GeenuFF

Specific changes vs gff

features

types

Feature types differ somewhat from a gff, “geenuff_” has been appended to names to reduce confusion where the meaning is not identical.

core types:
error types:

These do not exist in a gff, but are used in geenuff to denote things that might be ambiguous or unknown about a gene model.

Currently errors are assigned when any obvious gene model inconsistency is encountered during gff parsing. Most error types are extended from the end of a known feature half way to the next gene model, while some internal errors (e.g. too_short_intron) can be assigned more precisesly. If gff format were not used as an intermediary and gene annotation was performed and stored directly in a geenuff structured database, all the errors could be assigned more precise ranges for any ambiguity.

Types are:

start_is_biological_start and end_is_biological_end:

When True, these attributes mean the start and end attributes of a feature correspond to a meaningful biological transition.
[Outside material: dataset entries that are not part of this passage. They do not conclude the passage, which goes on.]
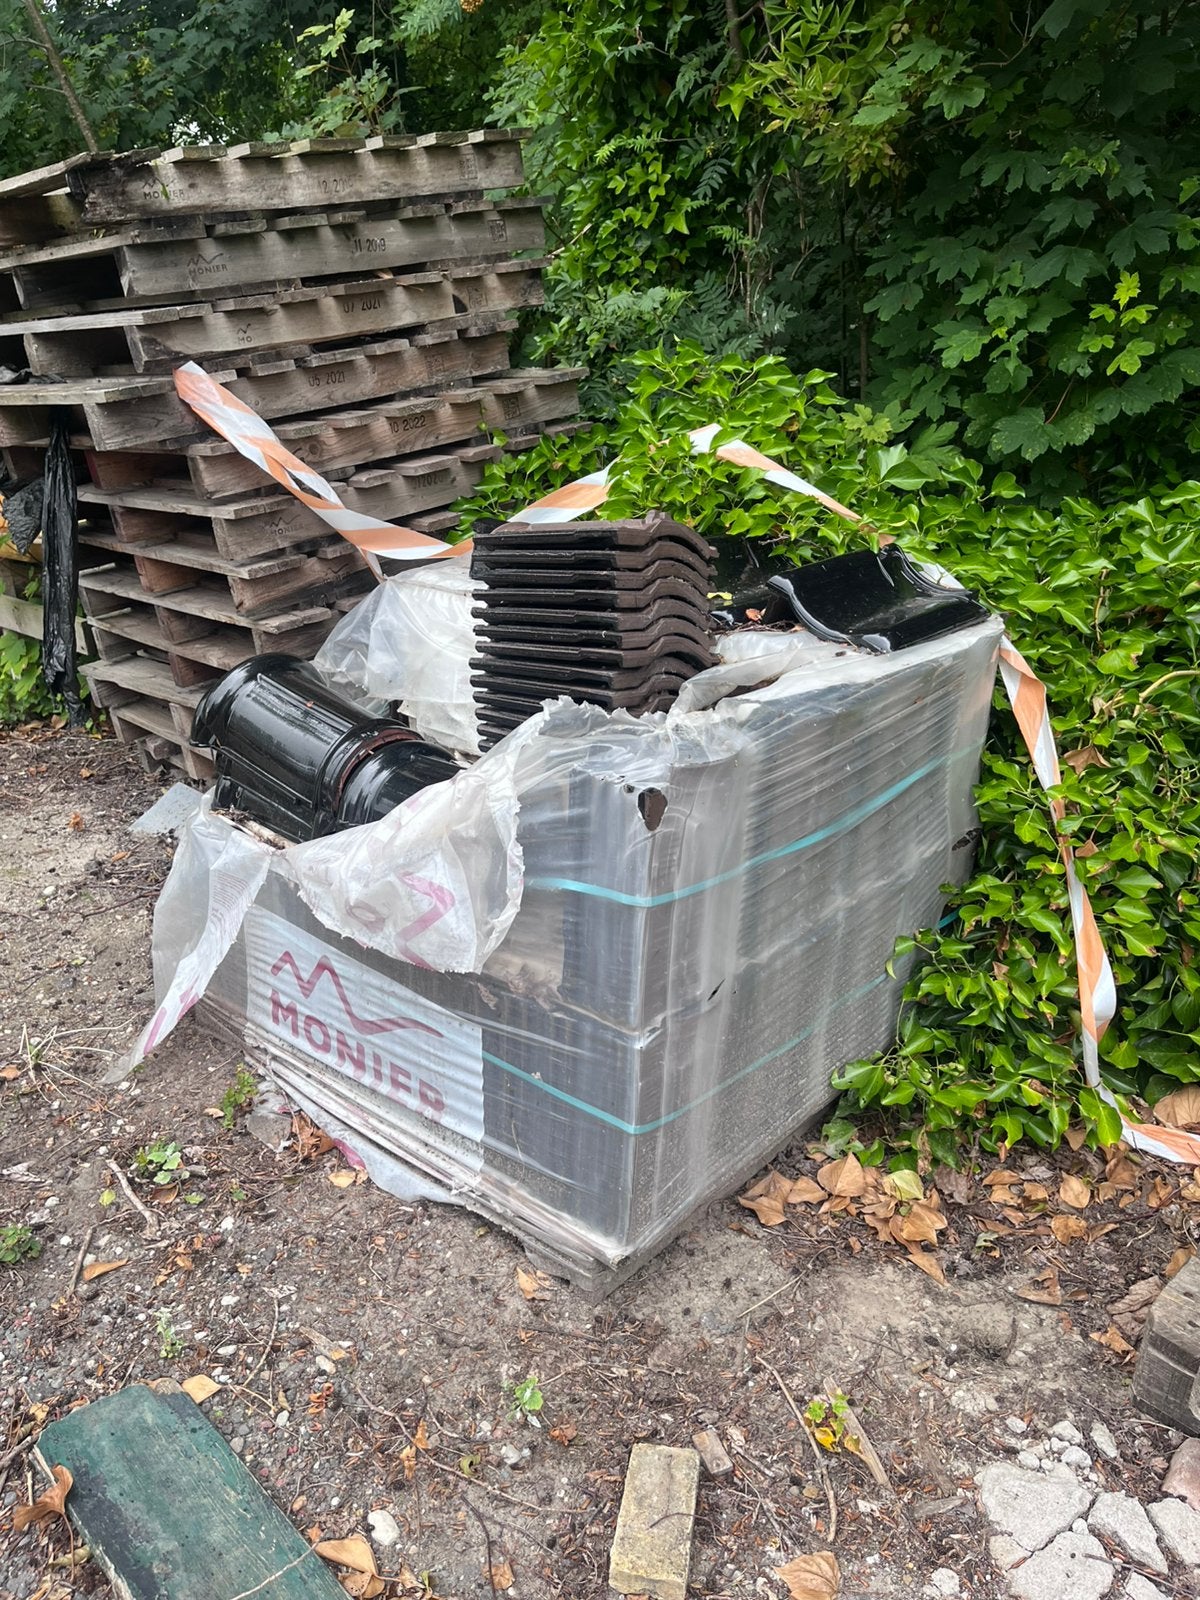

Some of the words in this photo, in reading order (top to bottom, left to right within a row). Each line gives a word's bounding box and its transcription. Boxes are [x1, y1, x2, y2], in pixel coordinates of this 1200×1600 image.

[354, 238, 363, 252] 11
[366, 237, 386, 252] 2019
[188, 263, 228, 276] MONIER
[361, 298, 381, 311] 2021
[325, 369, 346, 385] 2021
[389, 421, 400, 434] 10
[402, 414, 426, 431] 2022
[270, 988, 446, 1121] MONIER
When False, these attributes mean the start and end attributes of a feature either do not, or it is not known if they correspond to a biological transition, yet the region they delineate is confidently of the given type.

For instance, if the parser finds a gene model in a gff where the start of the first exon and the start of the first CDS (+ strand) have the same position (the A in ATG), then it is apparent that we are missing the 5’ UTR, so for the geenuff_transcript feature the start_is_biological_start will be set to False, and an error mask will be added upstream of the CDS. We are still confident that all of the CDS must occur within the transcript, we know the start codon is part of the transcript region, but we mark that the start point itself is probably wrong, and mask the upstream range as it’s unclear what part of this is intergenic and which part UTR.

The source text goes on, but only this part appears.